Haas set to stick with Brembo brakes for Spanish Grand Prix

Tech Corner: The process behind an upgrade (2:55)

Sam Collins explains the process of upgrading an F1 car, from an idea to eventual installation. (2:55)

Haas team principal Guenther Steiner says the team is planning to race with Brembo brakes at this weekend's Spanish Grand Prix.

The American outfit evaluated a change to Carbon Industrie brakes at the in-season Bahrain test and Russian Grand Prix last month, having struggled with a number of braking issues since the team made its Formula One debut at the start of 2016. The switch to Carbon Industrie proved problematic, however, and Haas ultimately opted to revert back to Brembo following Friday practice in Sochi.

"We started off with CI [Carbon Industrie] brakes in Sochi," Steiner explained. "We weren't getting enough cooling for them, and if you don't cool them enough, you overheat the brake itself and the pedal gets long.

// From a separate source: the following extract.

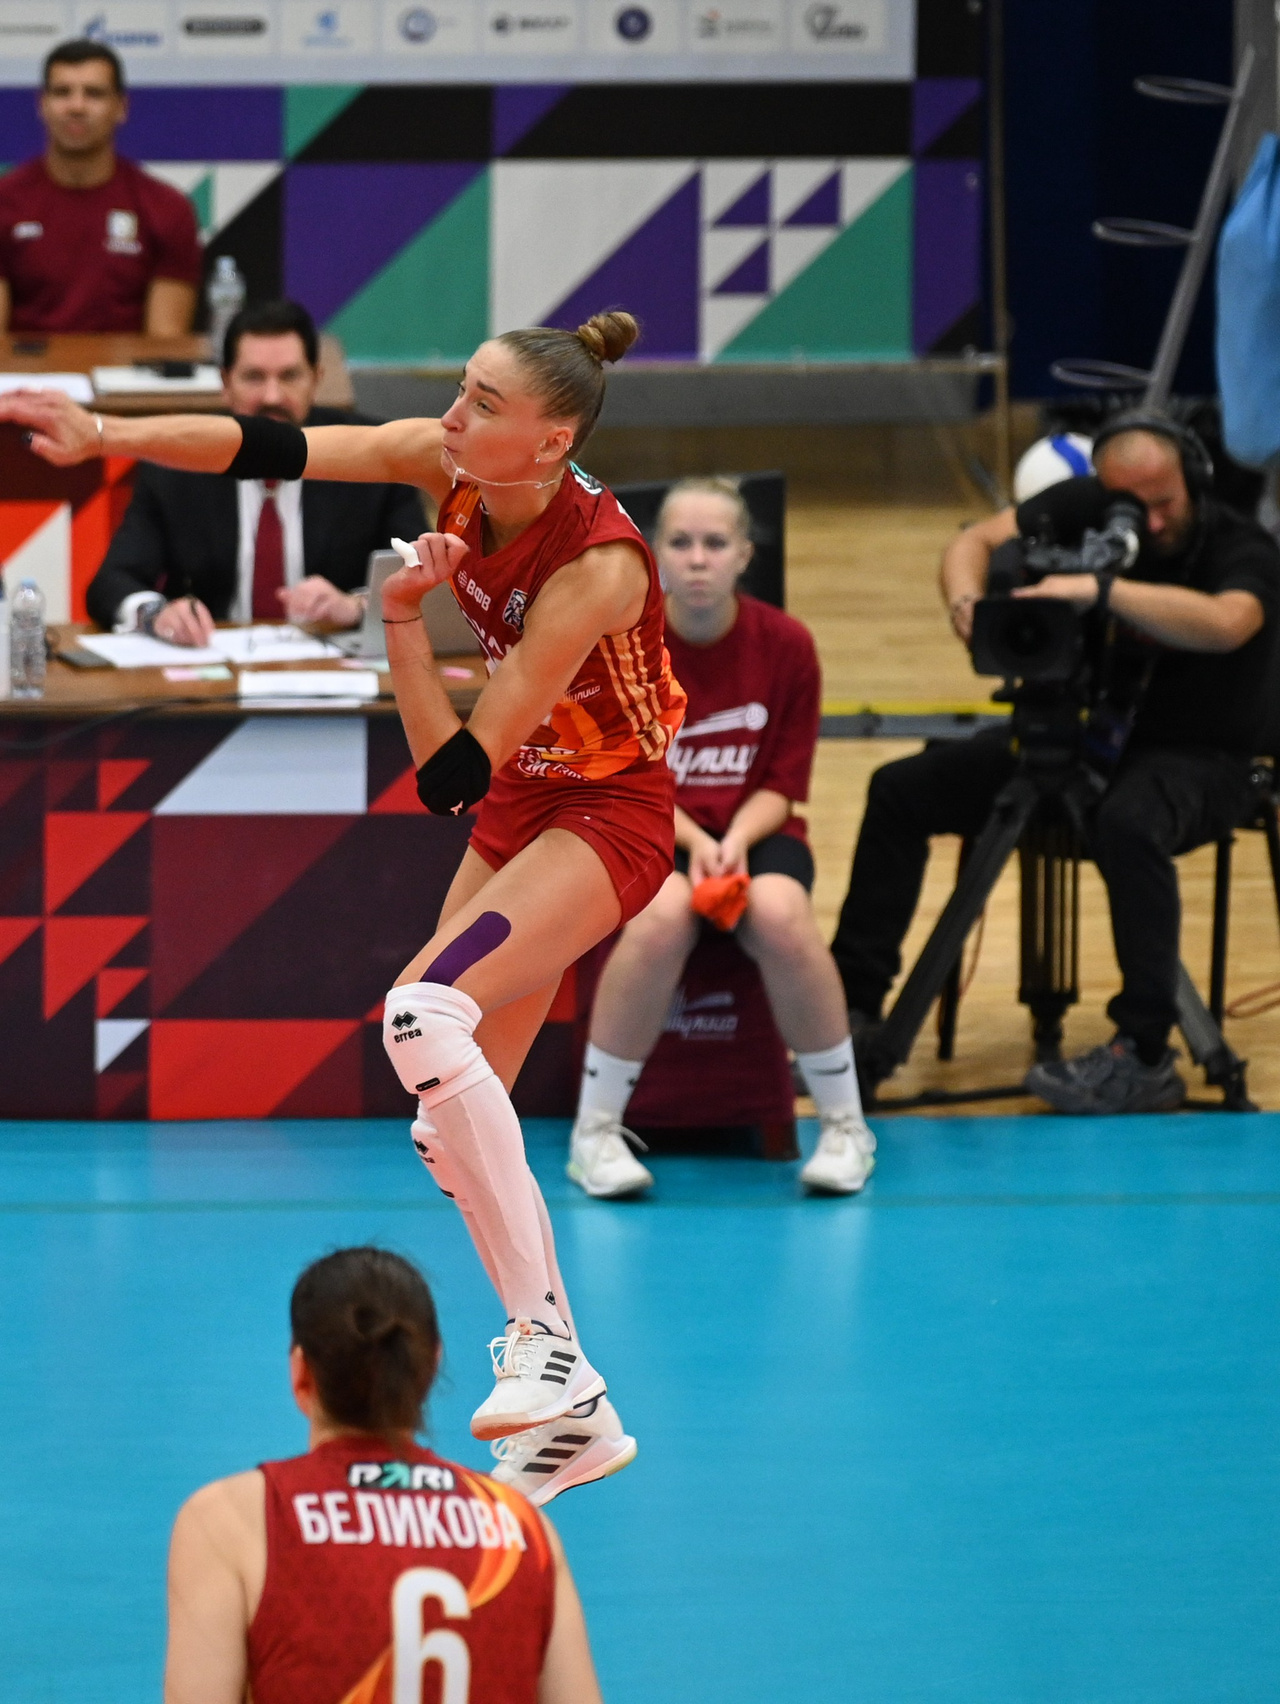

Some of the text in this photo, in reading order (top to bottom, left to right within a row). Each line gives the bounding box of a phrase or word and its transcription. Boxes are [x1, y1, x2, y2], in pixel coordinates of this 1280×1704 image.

"Also, the wear is very high. We looked into it to see if we could survive a race, but we realised we could not. Therefore, the decision was taken to go back onto the Brembo. As it stands now, we will race Brembo in Barcelona."

While Haas continues to work flat-out to try and rectify it's persistent brake problems, Steiner insists it will not be a quick fix, considering how complex F1 brake systems are.

"Everybody needs to understand that this is a very sophisticated brake system -- it is not easy to fix," he said. "The obvious question, and rightly people ask, is that it cannot be this difficult to fix a brake. It actually is. It isn't easy. This is because they're highly complicated technologies, they're highly advanced.

"When you change from one to the other, you encounter issues you're not aware of until you try it properly. Without testing during the season, you need to do it in FP1 and FP2. You always have to wait two weeks to do something.

"So you can never go and do a proper test and do modifications. You always have to fit it in somehow. It compromises your testing, and that's why it takes so long. It's not that we're not working hard. Our people are very competent and can do this, it just takes time."